## Provided information
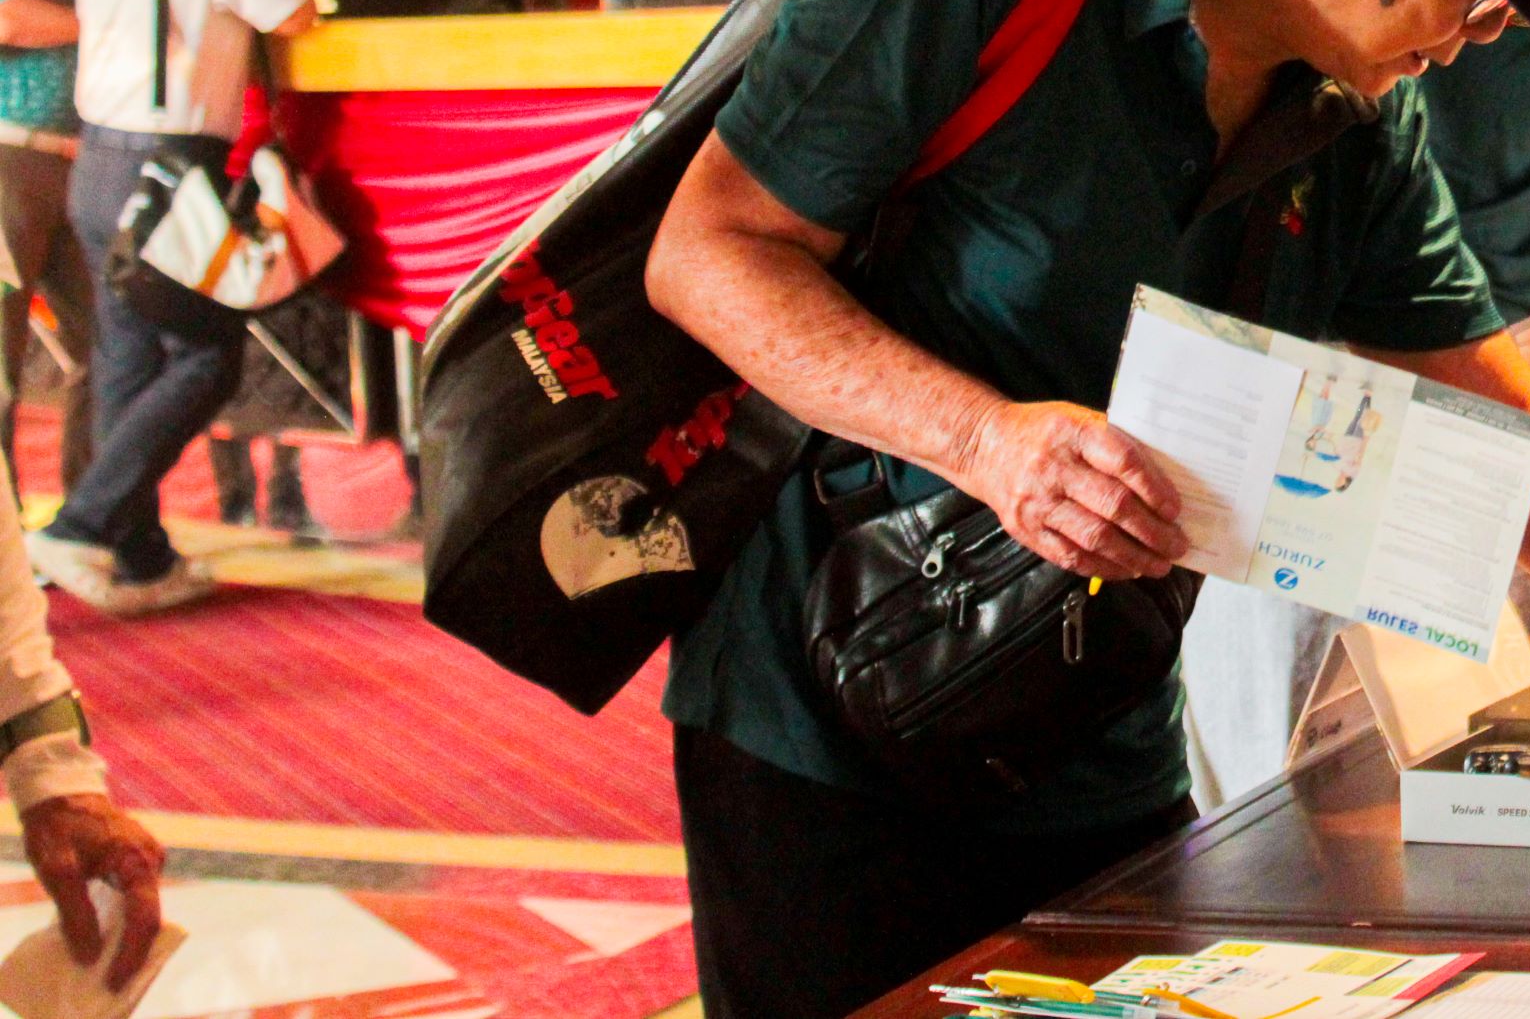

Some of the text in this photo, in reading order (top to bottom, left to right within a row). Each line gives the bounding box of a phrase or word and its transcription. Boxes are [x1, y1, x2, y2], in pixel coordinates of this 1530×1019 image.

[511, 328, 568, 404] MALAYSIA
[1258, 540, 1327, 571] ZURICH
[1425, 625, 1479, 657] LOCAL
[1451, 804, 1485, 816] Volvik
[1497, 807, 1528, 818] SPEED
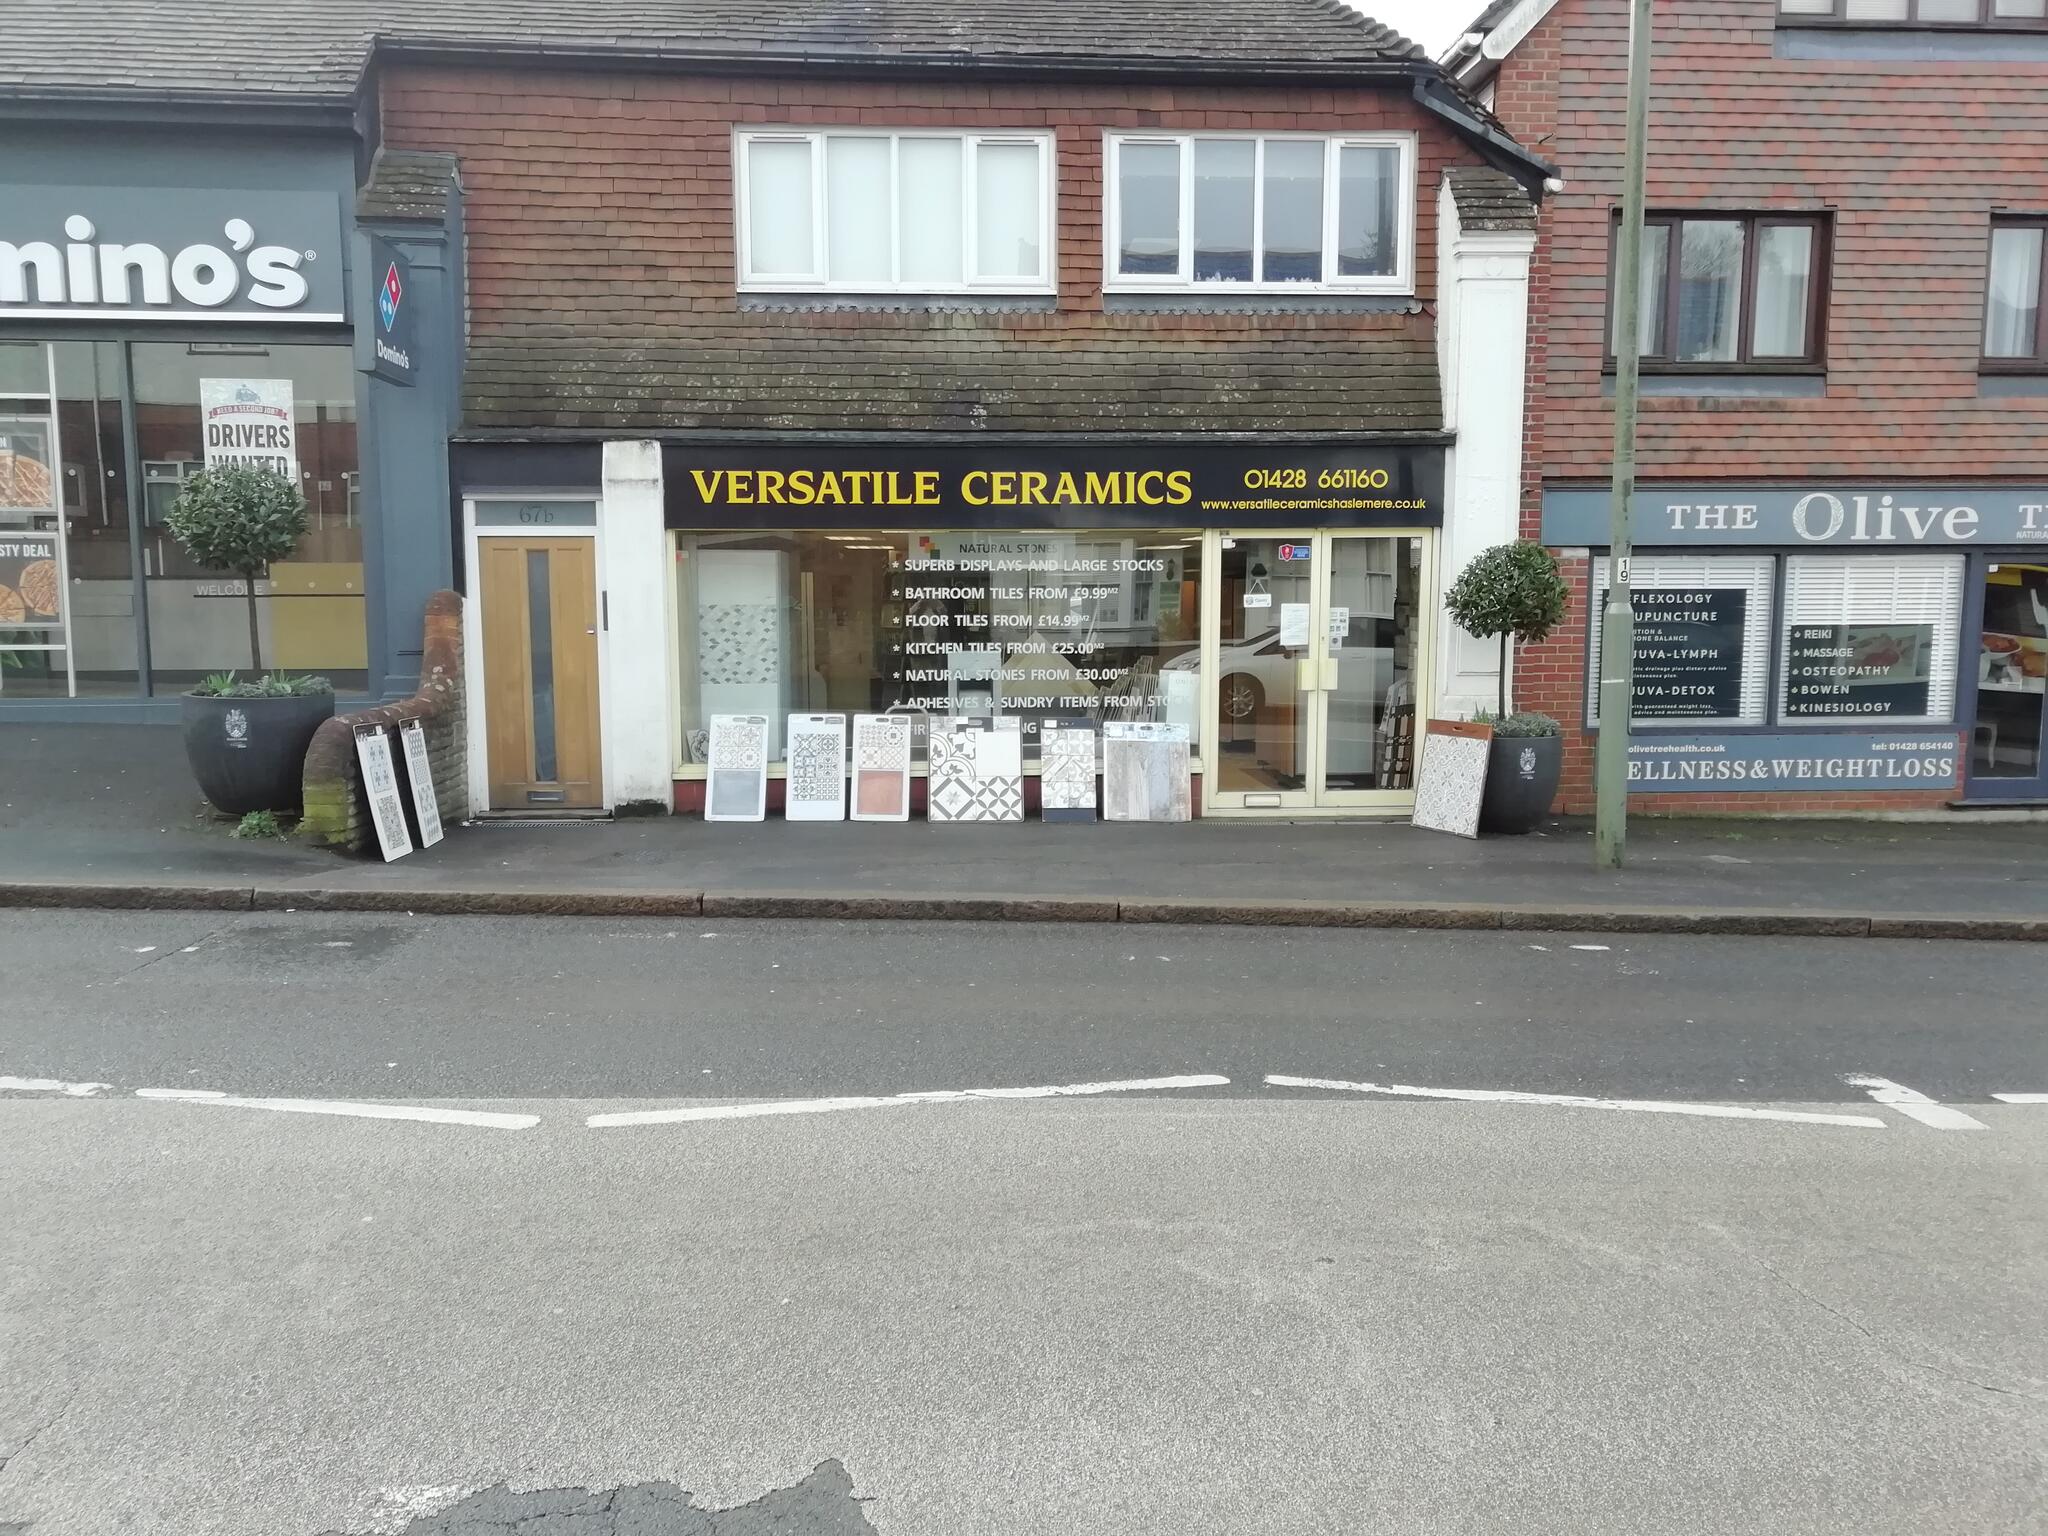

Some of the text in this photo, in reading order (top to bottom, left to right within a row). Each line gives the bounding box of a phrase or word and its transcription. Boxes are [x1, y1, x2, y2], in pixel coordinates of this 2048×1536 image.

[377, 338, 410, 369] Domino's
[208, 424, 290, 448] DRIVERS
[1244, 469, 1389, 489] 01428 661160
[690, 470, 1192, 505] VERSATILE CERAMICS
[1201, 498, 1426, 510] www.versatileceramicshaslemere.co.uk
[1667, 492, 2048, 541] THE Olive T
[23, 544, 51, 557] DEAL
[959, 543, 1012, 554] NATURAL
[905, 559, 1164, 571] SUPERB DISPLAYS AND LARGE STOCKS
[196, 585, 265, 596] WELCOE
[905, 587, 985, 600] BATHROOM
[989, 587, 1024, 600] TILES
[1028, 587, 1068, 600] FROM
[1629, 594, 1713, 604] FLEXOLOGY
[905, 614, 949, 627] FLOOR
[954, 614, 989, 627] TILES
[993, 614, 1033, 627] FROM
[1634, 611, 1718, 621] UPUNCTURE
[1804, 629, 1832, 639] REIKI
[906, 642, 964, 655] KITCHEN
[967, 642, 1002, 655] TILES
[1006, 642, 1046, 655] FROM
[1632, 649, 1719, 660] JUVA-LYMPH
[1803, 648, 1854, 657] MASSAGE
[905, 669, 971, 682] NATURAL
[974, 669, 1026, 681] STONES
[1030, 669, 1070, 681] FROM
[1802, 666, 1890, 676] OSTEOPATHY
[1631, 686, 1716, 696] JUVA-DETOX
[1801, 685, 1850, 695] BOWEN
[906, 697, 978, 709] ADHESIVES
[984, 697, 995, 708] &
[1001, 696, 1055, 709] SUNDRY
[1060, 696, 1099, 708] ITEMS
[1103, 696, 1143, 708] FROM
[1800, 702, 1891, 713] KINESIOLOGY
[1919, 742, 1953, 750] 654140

## Instructions to follow
Please reproduce the entries above line by line, exactly, leaving out each image.

## Result for this exercise
Some of the text in this photo, in reading order (top to bottom, left to right within a row). Each line gives the bounding box of a phrase or word and its transcription. Boxes are [x1, y1, x2, y2], in pixel coordinates of this 1530×1019 image.

[511, 328, 568, 404] MALAYSIA
[1258, 540, 1327, 571] ZURICH
[1425, 625, 1479, 657] LOCAL
[1451, 804, 1485, 816] Volvik
[1497, 807, 1528, 818] SPEED

Some of the text in this photo, in reading order (top to bottom, left to right within a row). Each line gives the bounding box of a phrase or word and its transcription. Boxes are [x1, y1, x2, y2], in pixel coordinates of this 2048×1536 image.

[377, 338, 410, 369] Domino's
[208, 424, 290, 448] DRIVERS
[1244, 469, 1389, 489] 01428 661160
[690, 470, 1192, 505] VERSATILE CERAMICS
[1201, 498, 1426, 510] www.versatileceramicshaslemere.co.uk
[1667, 492, 2048, 541] THE Olive T
[23, 544, 51, 557] DEAL
[959, 543, 1012, 554] NATURAL
[905, 559, 1164, 571] SUPERB DISPLAYS AND LARGE STOCKS
[196, 585, 265, 596] WELCOE
[905, 587, 985, 600] BATHROOM
[989, 587, 1024, 600] TILES
[1028, 587, 1068, 600] FROM
[1629, 594, 1713, 604] FLEXOLOGY
[905, 614, 949, 627] FLOOR
[954, 614, 989, 627] TILES
[993, 614, 1033, 627] FROM
[1634, 611, 1718, 621] UPUNCTURE
[1804, 629, 1832, 639] REIKI
[906, 642, 964, 655] KITCHEN
[967, 642, 1002, 655] TILES
[1006, 642, 1046, 655] FROM
[1632, 649, 1719, 660] JUVA-LYMPH
[1803, 648, 1854, 657] MASSAGE
[905, 669, 971, 682] NATURAL
[974, 669, 1026, 681] STONES
[1030, 669, 1070, 681] FROM
[1802, 666, 1890, 676] OSTEOPATHY
[1631, 686, 1716, 696] JUVA-DETOX
[1801, 685, 1850, 695] BOWEN
[906, 697, 978, 709] ADHESIVES
[984, 697, 995, 708] &
[1001, 696, 1055, 709] SUNDRY
[1060, 696, 1099, 708] ITEMS
[1103, 696, 1143, 708] FROM
[1800, 702, 1891, 713] KINESIOLOGY
[1919, 742, 1953, 750] 654140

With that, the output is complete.